Records shown =>
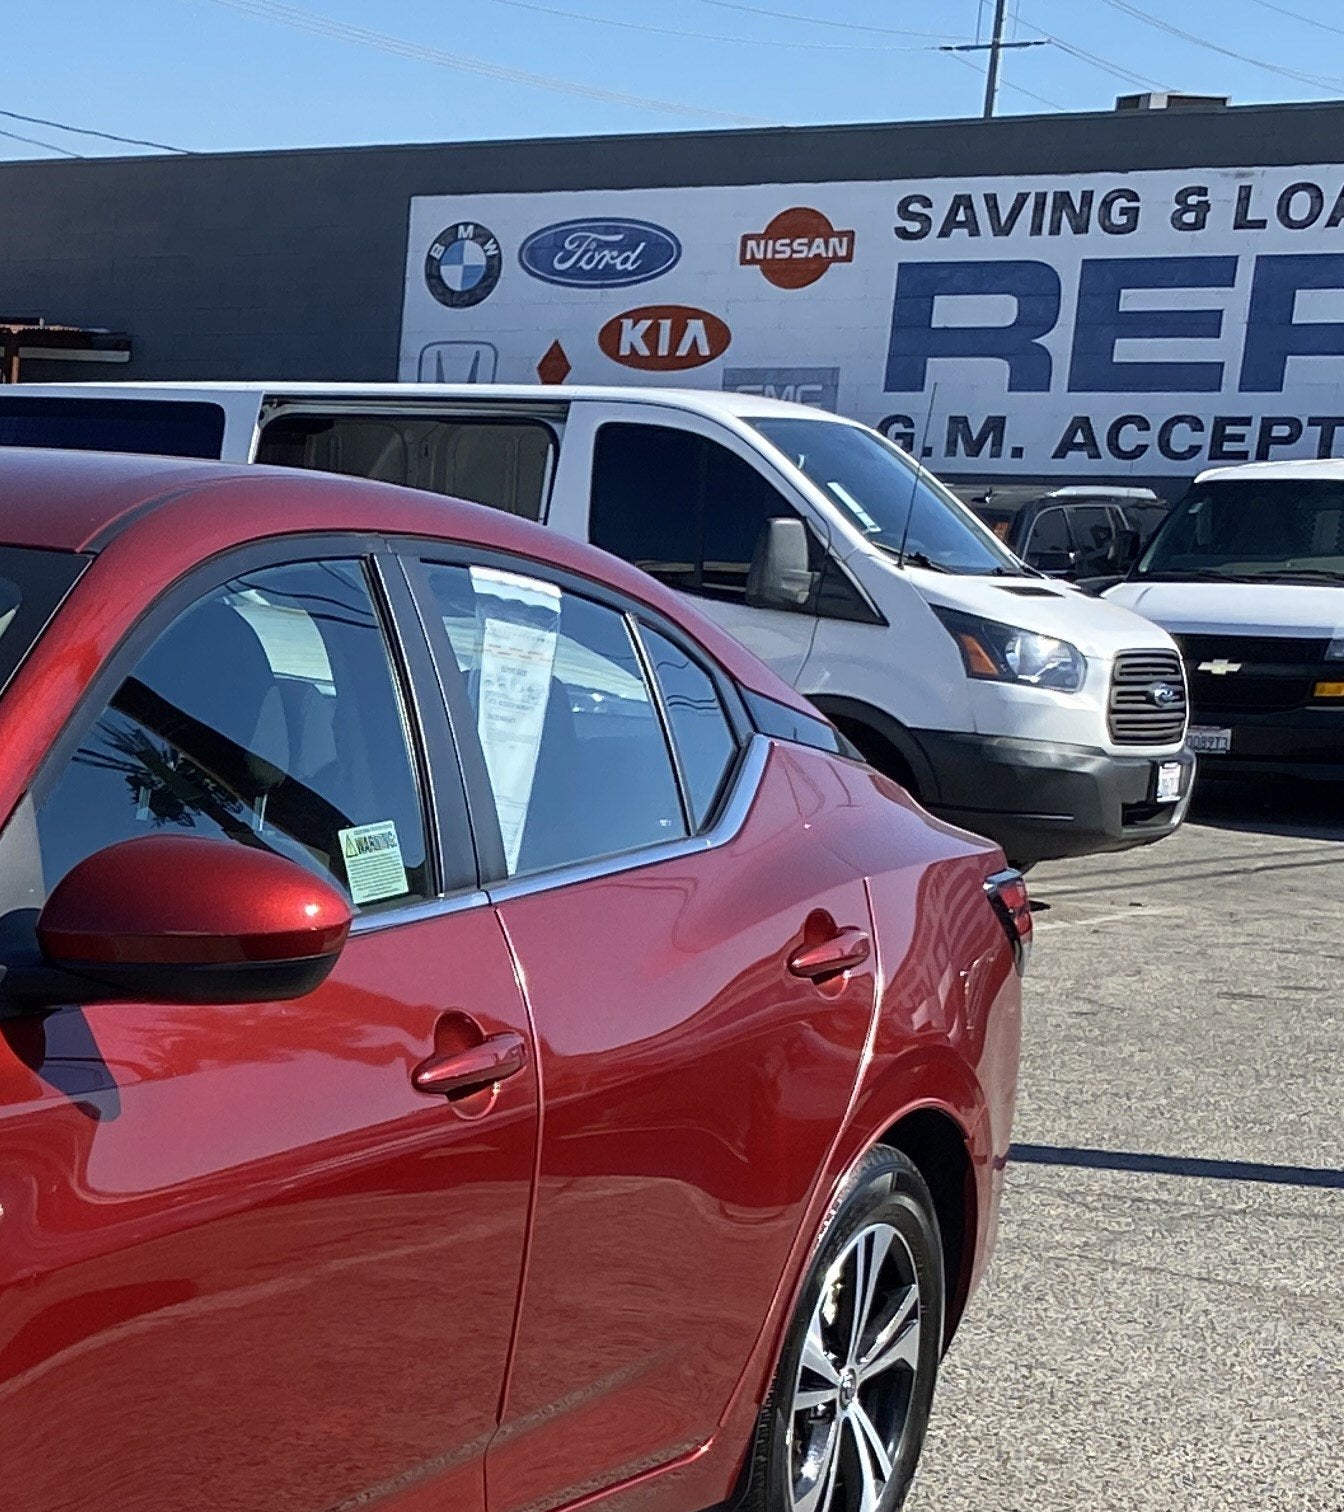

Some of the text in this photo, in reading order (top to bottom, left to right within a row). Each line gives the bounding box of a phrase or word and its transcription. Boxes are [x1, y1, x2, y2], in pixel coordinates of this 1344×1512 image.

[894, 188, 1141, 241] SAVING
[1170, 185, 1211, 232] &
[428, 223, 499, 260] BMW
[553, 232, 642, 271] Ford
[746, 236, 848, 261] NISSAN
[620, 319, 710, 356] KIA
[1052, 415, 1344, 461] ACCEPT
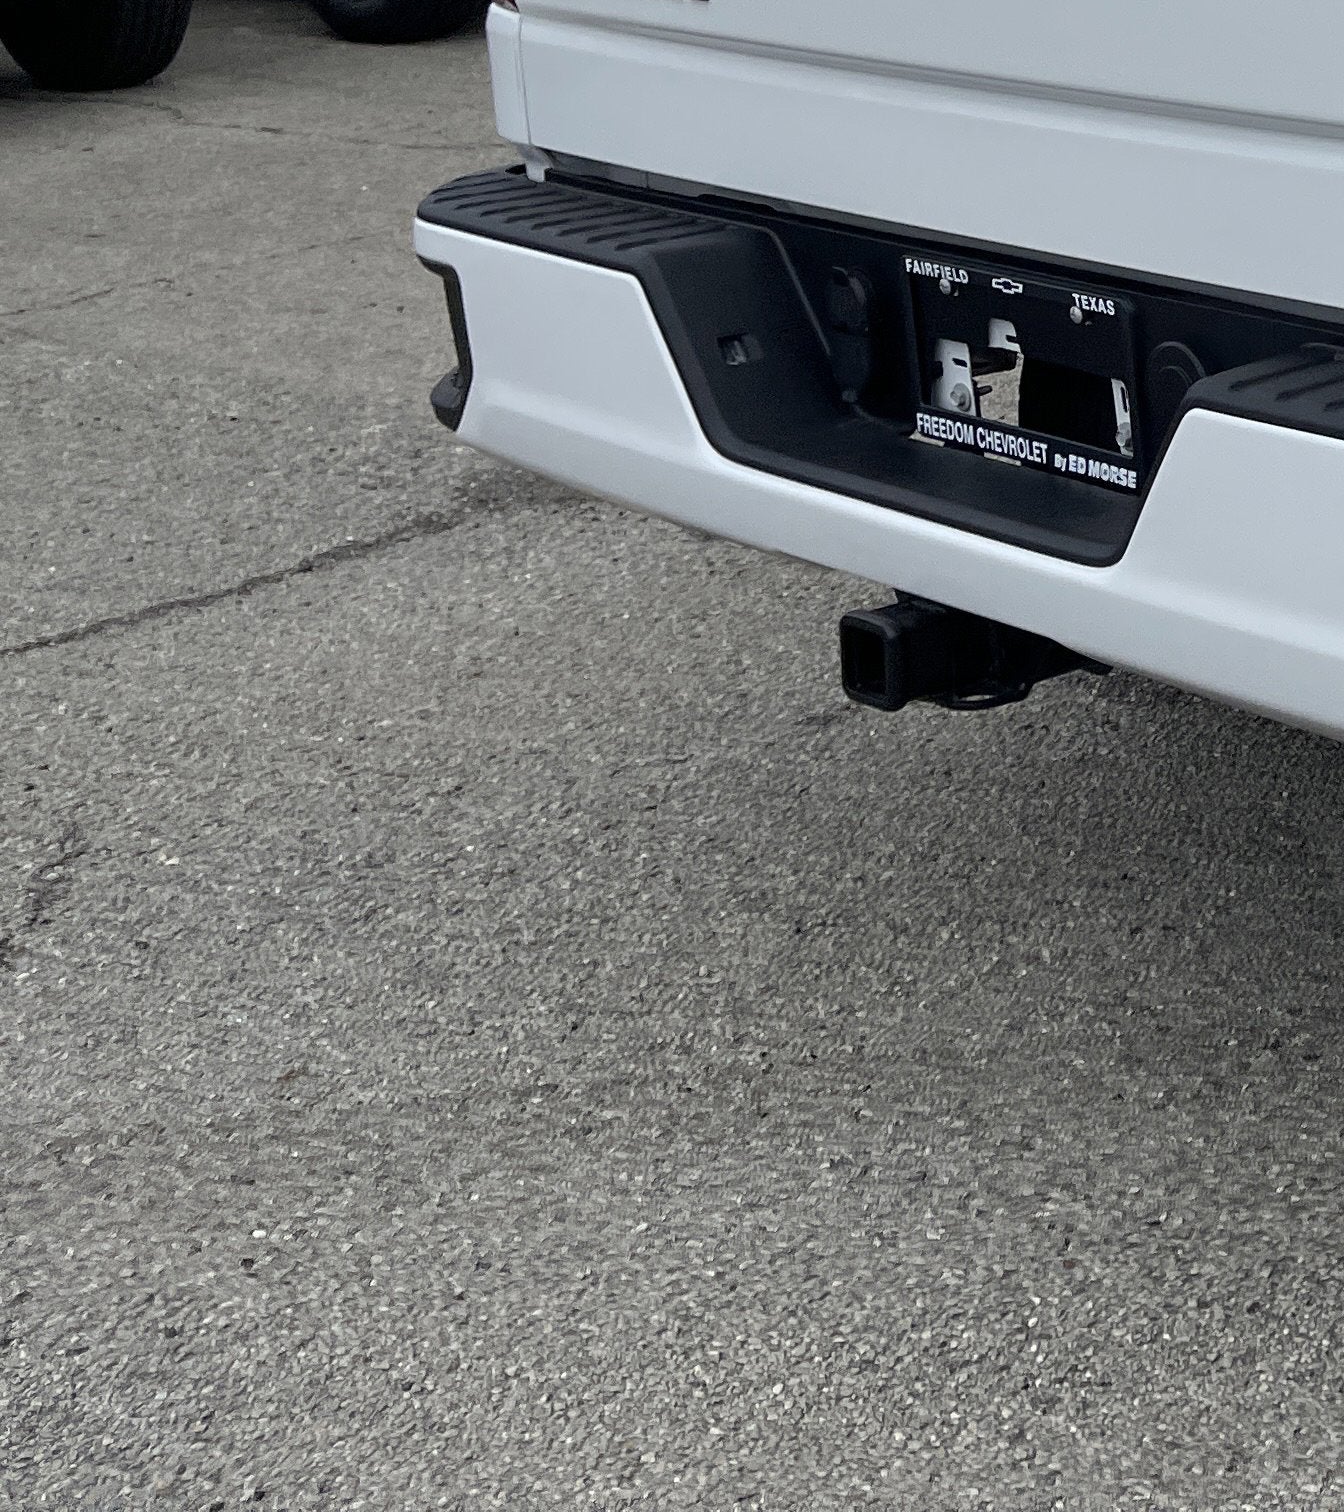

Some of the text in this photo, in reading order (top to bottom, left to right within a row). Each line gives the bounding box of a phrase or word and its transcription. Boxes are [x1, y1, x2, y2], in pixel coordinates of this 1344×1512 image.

What the task asks => Repeat everything in the records above exactly; pictures are not part of the copy.

Result =>
Some of the text in this photo, in reading order (top to bottom, left to right within a row). Each line gives the bounding box of a phrase or word and its transcription. Boxes are [x1, y1, x2, y2], in pixel coordinates of this 1344×1512 image.

[894, 188, 1141, 241] SAVING
[1170, 185, 1211, 232] &
[428, 223, 499, 260] BMW
[553, 232, 642, 271] Ford
[746, 236, 848, 261] NISSAN
[620, 319, 710, 356] KIA
[1052, 415, 1344, 461] ACCEPT

Some of the text in this photo, in reading order (top to bottom, left to right within a row). Each line gives the bounding box of a phrase or word and its transcription. Boxes are [x1, y1, x2, y2], in pixel coordinates of this 1344×1512 image.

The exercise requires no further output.